(GIVEN DATA begins)

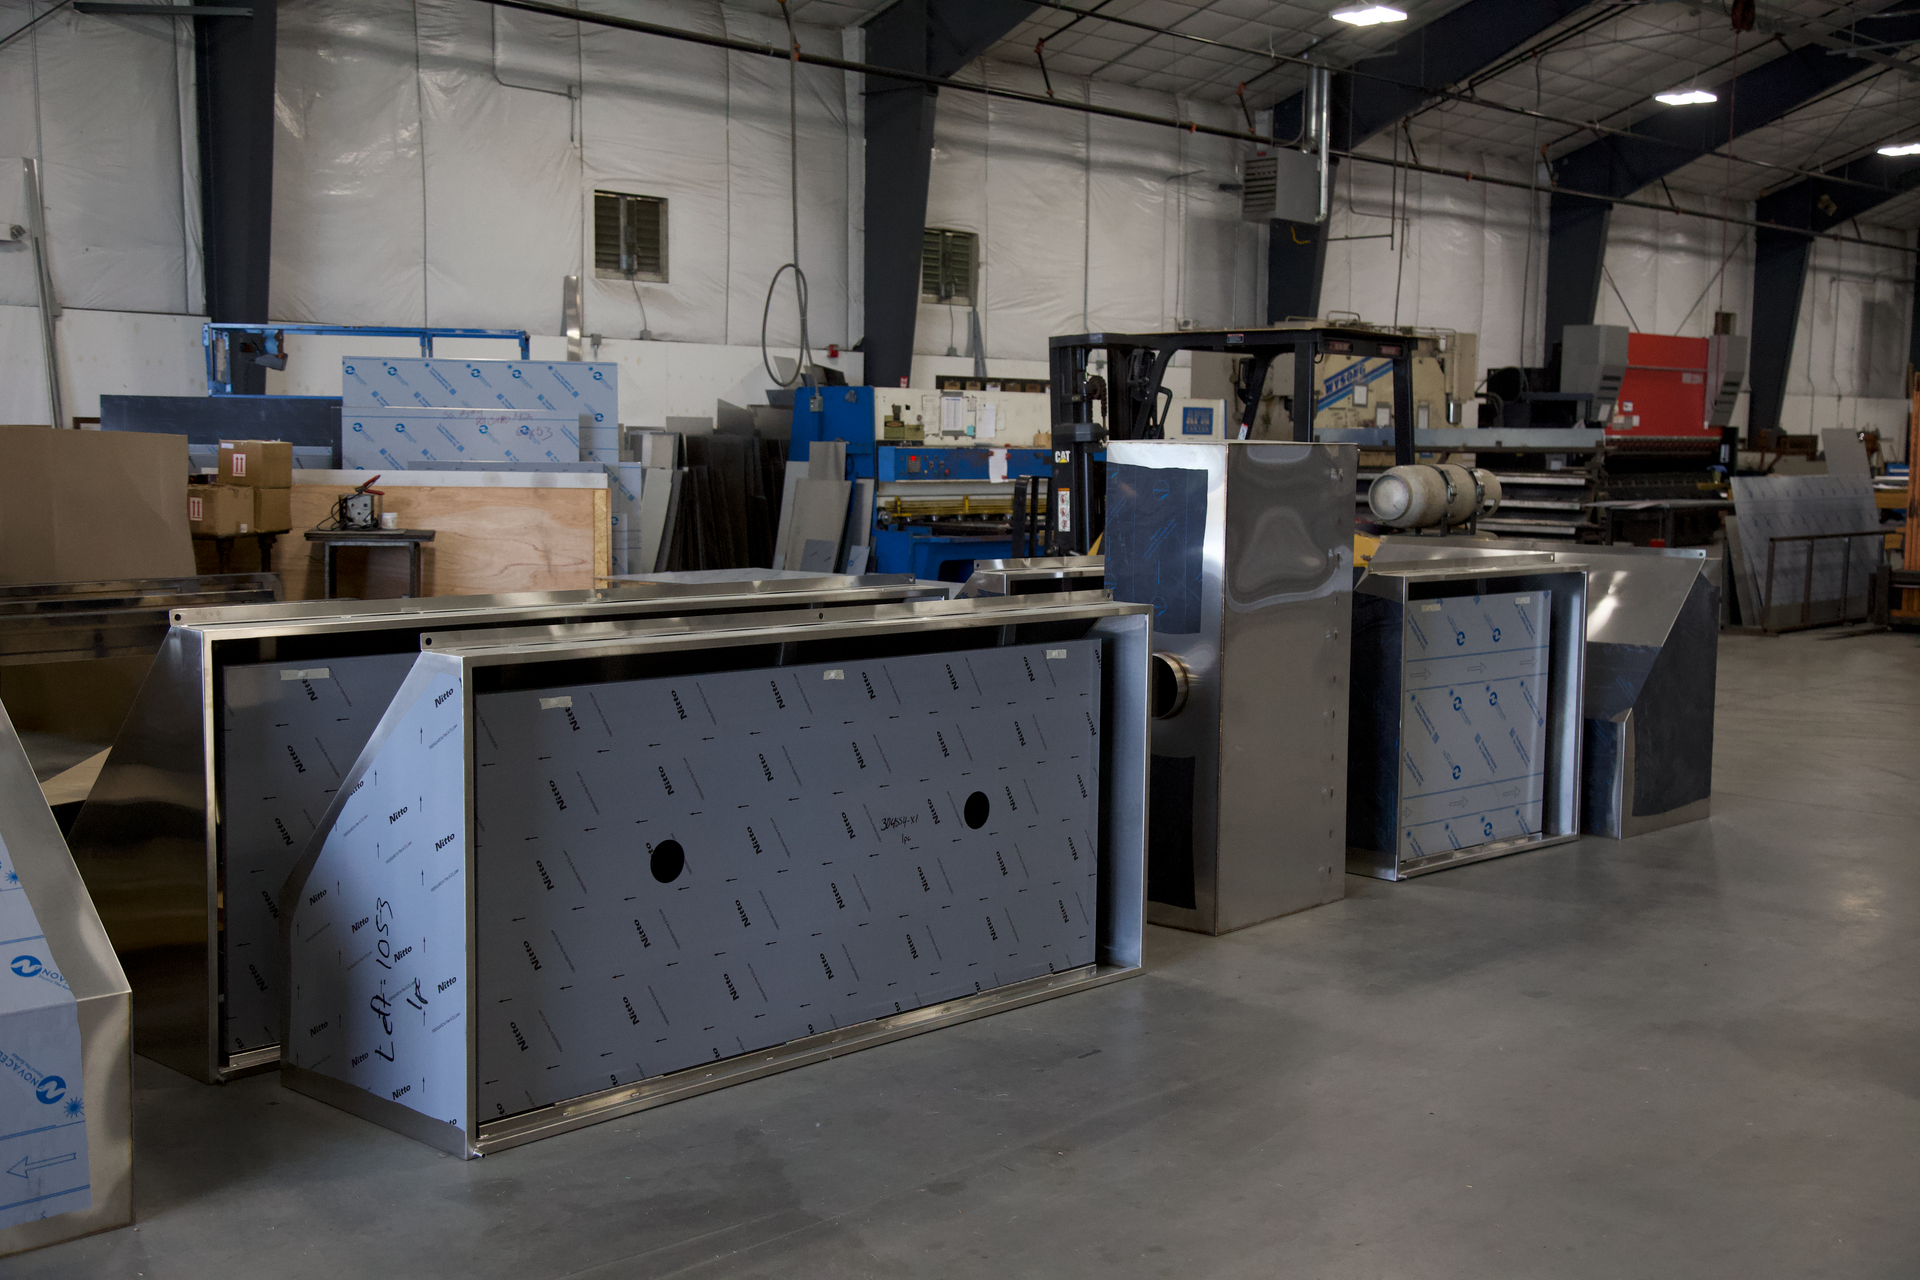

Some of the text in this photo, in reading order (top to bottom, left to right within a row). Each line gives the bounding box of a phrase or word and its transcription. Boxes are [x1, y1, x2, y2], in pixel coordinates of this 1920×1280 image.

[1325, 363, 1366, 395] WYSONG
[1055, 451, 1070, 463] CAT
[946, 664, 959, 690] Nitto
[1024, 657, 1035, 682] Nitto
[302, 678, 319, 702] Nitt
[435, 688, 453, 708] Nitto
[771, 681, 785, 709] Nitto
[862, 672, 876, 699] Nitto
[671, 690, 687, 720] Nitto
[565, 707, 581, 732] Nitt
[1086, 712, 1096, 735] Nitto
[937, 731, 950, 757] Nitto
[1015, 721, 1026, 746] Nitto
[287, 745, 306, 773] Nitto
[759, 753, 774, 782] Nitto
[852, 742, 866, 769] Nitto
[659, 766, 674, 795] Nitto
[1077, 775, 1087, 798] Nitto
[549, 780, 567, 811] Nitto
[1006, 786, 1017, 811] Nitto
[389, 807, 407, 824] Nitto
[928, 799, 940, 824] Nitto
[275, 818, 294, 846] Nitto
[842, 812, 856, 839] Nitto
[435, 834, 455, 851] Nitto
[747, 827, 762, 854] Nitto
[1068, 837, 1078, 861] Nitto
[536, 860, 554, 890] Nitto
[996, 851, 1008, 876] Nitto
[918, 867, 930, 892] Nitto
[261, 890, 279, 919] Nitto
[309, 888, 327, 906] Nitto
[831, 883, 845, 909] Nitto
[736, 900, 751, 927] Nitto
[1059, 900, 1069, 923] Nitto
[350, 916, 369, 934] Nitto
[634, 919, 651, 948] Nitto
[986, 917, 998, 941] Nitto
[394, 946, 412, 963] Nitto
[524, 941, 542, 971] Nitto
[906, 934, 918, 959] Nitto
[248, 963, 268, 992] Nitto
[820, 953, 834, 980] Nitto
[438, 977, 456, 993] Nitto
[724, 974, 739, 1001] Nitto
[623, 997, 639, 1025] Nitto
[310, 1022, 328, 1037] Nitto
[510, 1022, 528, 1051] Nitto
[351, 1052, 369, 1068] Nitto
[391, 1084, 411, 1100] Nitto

(GIVEN DATA ends)

> **TASK BRIEF**
All entries must come back exactly as written, though without their pictures.

> **OUTPUT OF THE TASK**
Some of the text in this photo, in reading order (top to bottom, left to right within a row). Each line gives the bounding box of a phrase or word and its transcription. Boxes are [x1, y1, x2, y2], in pixel coordinates of this 1920×1280 image.

[1325, 363, 1366, 395] WYSONG
[1055, 451, 1070, 463] CAT
[946, 664, 959, 690] Nitto
[1024, 657, 1035, 682] Nitto
[302, 678, 319, 702] Nitt
[435, 688, 453, 708] Nitto
[771, 681, 785, 709] Nitto
[862, 672, 876, 699] Nitto
[671, 690, 687, 720] Nitto
[565, 707, 581, 732] Nitt
[1086, 712, 1096, 735] Nitto
[937, 731, 950, 757] Nitto
[1015, 721, 1026, 746] Nitto
[287, 745, 306, 773] Nitto
[759, 753, 774, 782] Nitto
[852, 742, 866, 769] Nitto
[659, 766, 674, 795] Nitto
[1077, 775, 1087, 798] Nitto
[549, 780, 567, 811] Nitto
[1006, 786, 1017, 811] Nitto
[389, 807, 407, 824] Nitto
[928, 799, 940, 824] Nitto
[275, 818, 294, 846] Nitto
[842, 812, 856, 839] Nitto
[435, 834, 455, 851] Nitto
[747, 827, 762, 854] Nitto
[1068, 837, 1078, 861] Nitto
[536, 860, 554, 890] Nitto
[996, 851, 1008, 876] Nitto
[918, 867, 930, 892] Nitto
[261, 890, 279, 919] Nitto
[309, 888, 327, 906] Nitto
[831, 883, 845, 909] Nitto
[736, 900, 751, 927] Nitto
[1059, 900, 1069, 923] Nitto
[350, 916, 369, 934] Nitto
[634, 919, 651, 948] Nitto
[986, 917, 998, 941] Nitto
[394, 946, 412, 963] Nitto
[524, 941, 542, 971] Nitto
[906, 934, 918, 959] Nitto
[248, 963, 268, 992] Nitto
[820, 953, 834, 980] Nitto
[438, 977, 456, 993] Nitto
[724, 974, 739, 1001] Nitto
[623, 997, 639, 1025] Nitto
[310, 1022, 328, 1037] Nitto
[510, 1022, 528, 1051] Nitto
[351, 1052, 369, 1068] Nitto
[391, 1084, 411, 1100] Nitto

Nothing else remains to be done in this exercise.